To the surprise of no one but to the delight of some, Cisco unveiled their official entry into the hyperconverged infrastructure (HCI) market today. While there have been preceding Cisco partnerships with HCI vendors like SimpliVity and Maxta, the newly-announced Cisco HyperFlex Systems provide the first Cisco-only branded and supported HCI offering.

Cisco HyperFlex Systems: Hardware

HyperFlex_Portfolio2

The HyperFlex systems consists of two main physical components: Cisco UCS servers for compute and storage, and UCS Fabric Interconnects (FIs)for management. The FIs can be either 6248 or 6296, and there will be two flavors of the servers: HX220c nodes, based upon the UCS C220 platform, and HX240c nodes, based upon the UCS C240 platform. A hybrid cluster that includes UCS B200 blades will also be supported.

The product will be initially offered as bundles of servers plus Fabric Interconnects, with individual servers available to add-on to an existing cluster. The smallest bundle will consist of three nodes (plus FIs) and is priced at under $60k US, while a four node bundle will be offered for less than $70k.

HyperFlex_3nodeBundle

HyperFlex clusters require a minimum of three converged servers, and in the first release can support as many as eight in the same cluster. Servers will be fully configurable at time of order, so customers won’t be as restricted in their component choices as with many other HCI vendors. It’s also worth noting that different node types can be mixed within the same cluster.

New Fabric Interconnects are required for HyperFlex systems, but there are future plans to allow customers to re-use existing FIs, and/or to incorporate into existing UCS systems, rather than having to purchase new FIs.

Cisco HyperFlex Systems: Software

Hypervisors

Unsurprisingly, VMware vSphere is the hypervisor of choice for HyperFlex, and systems will ship with vSphere pre-installed. Hyper-V support will rapidly follow, and the development team is looking hard at both KVM and containers – with the latter a more likely tertiary target than KVM itself.

Storage services

The defining characteristic of HCI – software-defined storage, or as I prefer to call it in this context, aggregated DAS – is provided by Cisco’s HX Data Platform using technology from HCI startup vendor Springpath. Cisco states that their storage implementation is more performant, more resilient, and allows for faster recovery than other HCI platforms.  With HX Data Platform all write data is striped across all nodes simultaneously, rather than the more typical write-local-and-remote methodology.
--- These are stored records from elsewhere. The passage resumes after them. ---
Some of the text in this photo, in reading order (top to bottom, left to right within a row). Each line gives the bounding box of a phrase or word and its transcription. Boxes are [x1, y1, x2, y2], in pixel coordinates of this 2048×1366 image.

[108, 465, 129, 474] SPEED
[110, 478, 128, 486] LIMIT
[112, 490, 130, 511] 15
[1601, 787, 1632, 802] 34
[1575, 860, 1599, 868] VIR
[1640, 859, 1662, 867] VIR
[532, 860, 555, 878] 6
As has become table stakes for HCI, inline deduplication and inline compression are both provided, though unlike some vendors neither can be turned off but are always enabled.

Management

Cisco, echoing my own experience, says that customers have insisted that they do not want yet-another-management-interface, as is so common in both converged and hyperconverged products, but instead want this new architecture to get incorporated within the context of their current management platforms.  On-going HyperFlex management is comprised of UCS Manager and vCenter, with vCenter expected to be the primary interface for daily operations. HCI operations are embedded within the vCenter UI via the standard UCS Manager plugin and an HX Data Platform plugin. The HX plugin integrates pointer-based snapshots into the vCenter Snapshot Manager, and provides rapid VAAI-assisted VM cloning.
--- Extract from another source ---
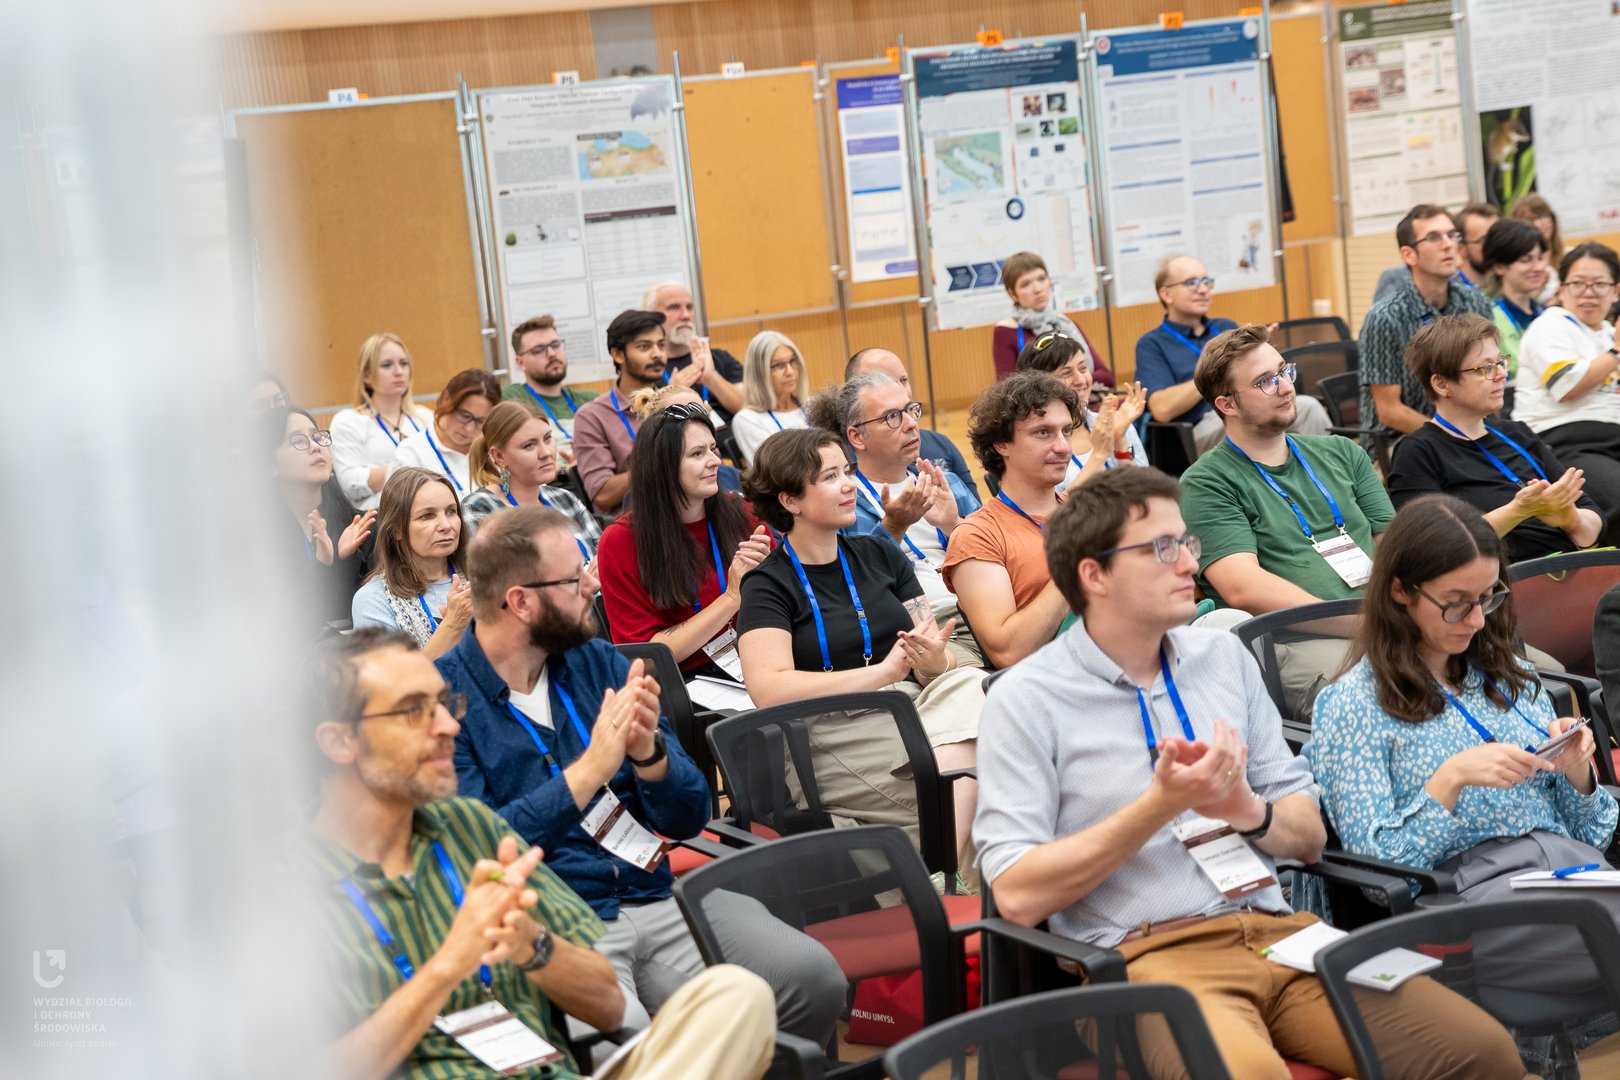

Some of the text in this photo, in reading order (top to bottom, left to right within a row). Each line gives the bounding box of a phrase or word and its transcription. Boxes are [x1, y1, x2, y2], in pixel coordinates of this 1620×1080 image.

[562, 75, 575, 85] P5
[338, 93, 352, 104] P4
[872, 1012, 895, 1024] UMYSŁ
Further down the road are UCS Director and ACI integrations to help Cisco tie HyperFlex into the rest of their datacenter infrastructure and provide full automation and orchestration capabilities (which are lacking in this first release).

Competitiveness

With HyperFlex, Cisco is trying to address some of the deficiencies seen by many of the current crop of HCI vendors:

Independent scaling of compute vs. capacity

HyperFlex supports the addition of compute-only nodes into the cluster. These compute hosts connect to shared storage presented by the converged nodes via a proprietary IOVisor software (not to be confused with the open source and networking-focused IO Visor project).

In the initial release, compute-only nodes can be added to a cluster that already has at least four converged nodes, with a total of four compute-only nodes supported in a  cluster. This means that the largest cluster size supported in the first release is twelve: eight converged nodes and four compute-only nodes. Going forward, there will need to be at least as many converged nodes as compute-only nodes.
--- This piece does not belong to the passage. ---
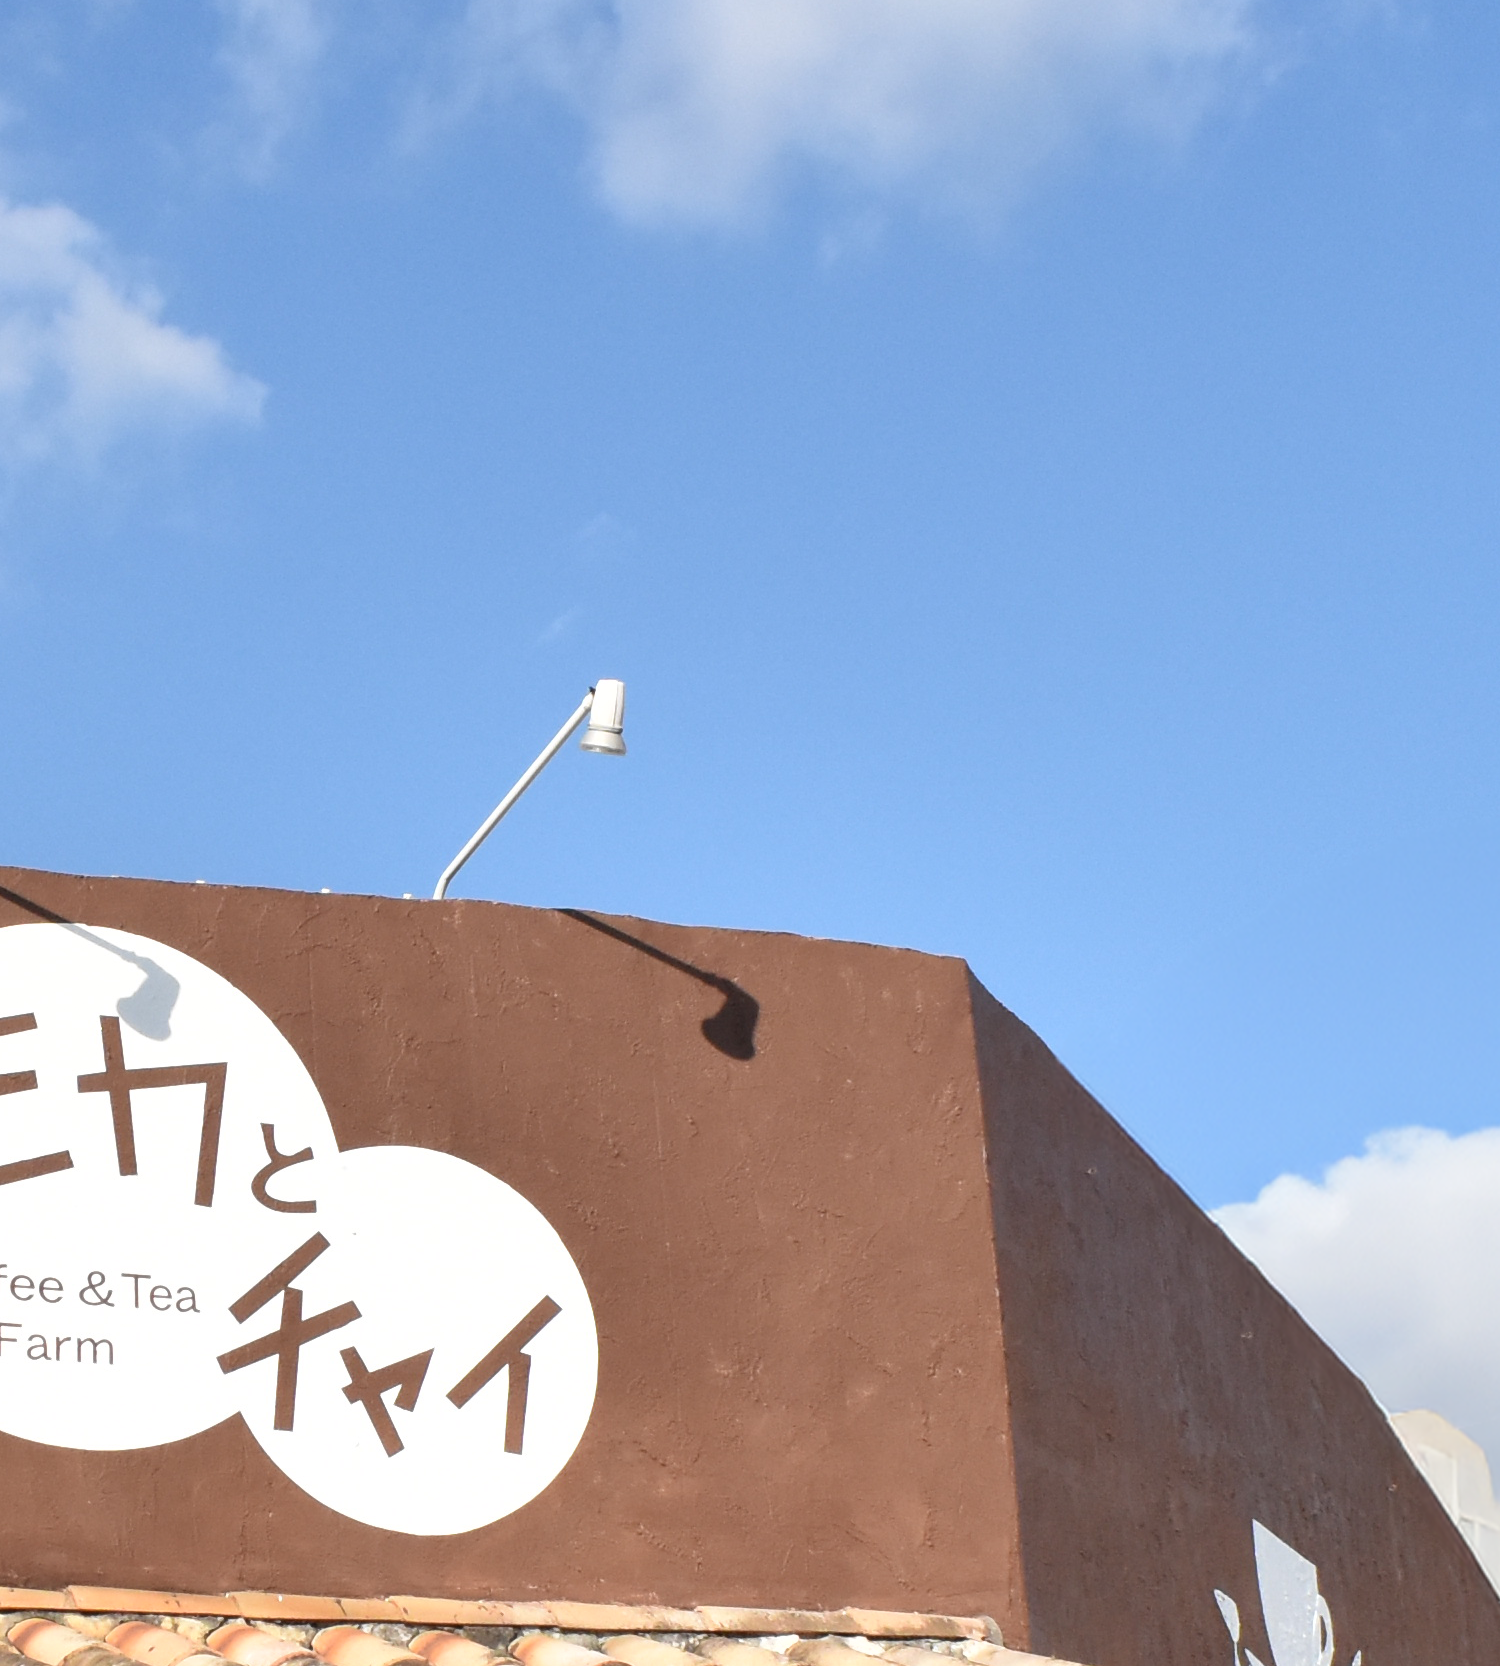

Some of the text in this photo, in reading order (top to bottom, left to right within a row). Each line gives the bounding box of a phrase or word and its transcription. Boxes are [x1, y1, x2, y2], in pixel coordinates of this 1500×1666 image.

[79, 1272, 115, 1308] &
[121, 1274, 200, 1313] Tea
[216, 1231, 562, 1458] チャイ
Cisco has stressed that is a matter of qualification time and cycles to begin supporting larger cluster sizes, rather than a technical or hard limitation.

Complete convergence

As many people have noted, despite the hyper-moniker the current slate of HCI vendors don’t handle networking convergence at all. With UCS Manager and the Fabric Interconnects, Cisco is providing the same level of convergence as with their standard UCS servers, which, to be frank, helped popularize the entire idea of “converged infrastrucure.” In addition, Cisco has the full SDN capabilities of ACI to wrap and extend the solution from the application to the edge – something no one, other than VMware themselves, can do today.

Summary

Until we get our hands on it and break play with it, the jury is, of course, still out on HyperFlex. On its face, however, Cisco have taken an interesting approach and appear to have a strong product. If the execution can match the overall design and put meat on the current bones of the roadmap, the HCI space will get very interesting over the next 12-18 months.